Em 2004, de turismo pelo País Basco, vi selos do ETA pintados nas portas do comércio. É o mais real do grupo separatista que pude ver até hoje. Meses antes, toda a Espanha tinha saído às ruas para exigir do governo a verdade sobre os autores dos ataques terroristas contra Madri que deixaram 191 mortos e mais de 1.400 feridos.
As manifestações no Paseo de la Castellana, Madri (veja o mapa), em Barcelona e em outras cidades espanholas foram convocadas em grande parte com mensagens SMS. Para a maioria da população, a administração do ex presidente do governo José María Aznar mentia tentando responsabilizar o ETA pelos ataques.

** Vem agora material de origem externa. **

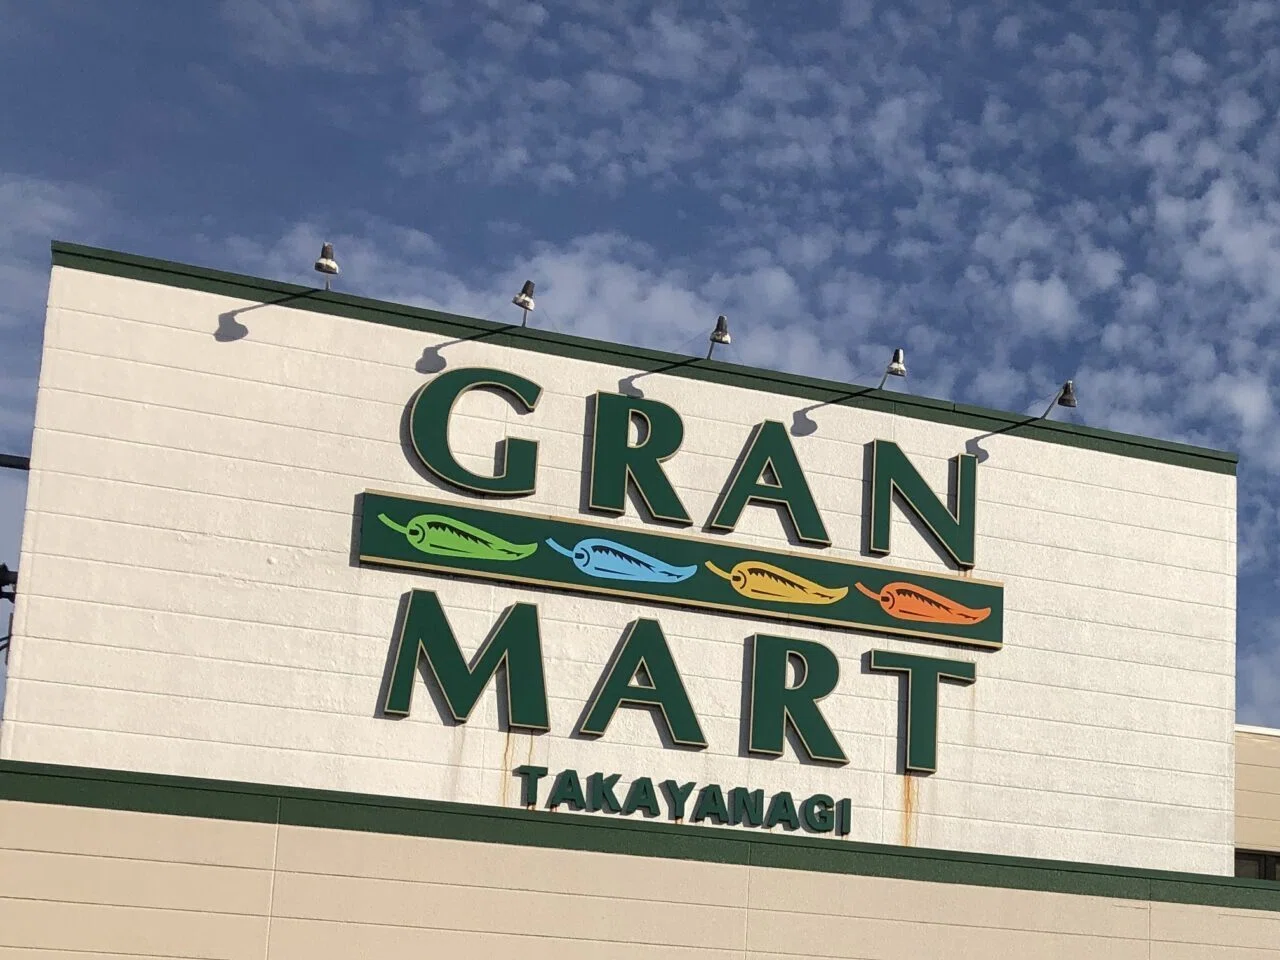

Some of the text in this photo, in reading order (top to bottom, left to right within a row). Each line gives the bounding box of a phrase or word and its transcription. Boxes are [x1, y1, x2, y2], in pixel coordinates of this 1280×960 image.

As eleições presidenciais, que se realizariam três dias depois dos atentados, estavam em jogo, e por isso o governo Aznar manipulou a informação para que a culpa do massacre recaísse sobre o ETA.
A Espanha precisará de muito tempo para decantar as lembranças mais duras dos ataques. O julgamento dos suspeitos de envolvimento nos atentados, iniciado este ano e com cobertura diária da imprensa, revela que a suposta rede de terroristas acusados e o ETA nunca tiveram qualquer tipo de ligação.
O pior é que o Partido Popular (PP), praticando uma oposição irresponsável, mantém a mentira, insistindo indiretamente na culpabilidade do ETA - um editorial recente do El País no poderia ser mais contundente: “Seguem mentindo” -.
Isso justo no momento em que o governo Zapatero tenta assinar um acordo de paz com o ETA, que há muito não encontra o mesmo apoio nas ruas. A ditadura já não existe, a Espanha olha decidida para a Europa e a população quer o fim do terrorismo.
Alguns dizem que o acordo de paz poderia ser assinado antes das aleições presidenciais de 2008, mas será preciso muito esforço do governo, da oposição e um compromisso real do ETA para que a previsão se confirme.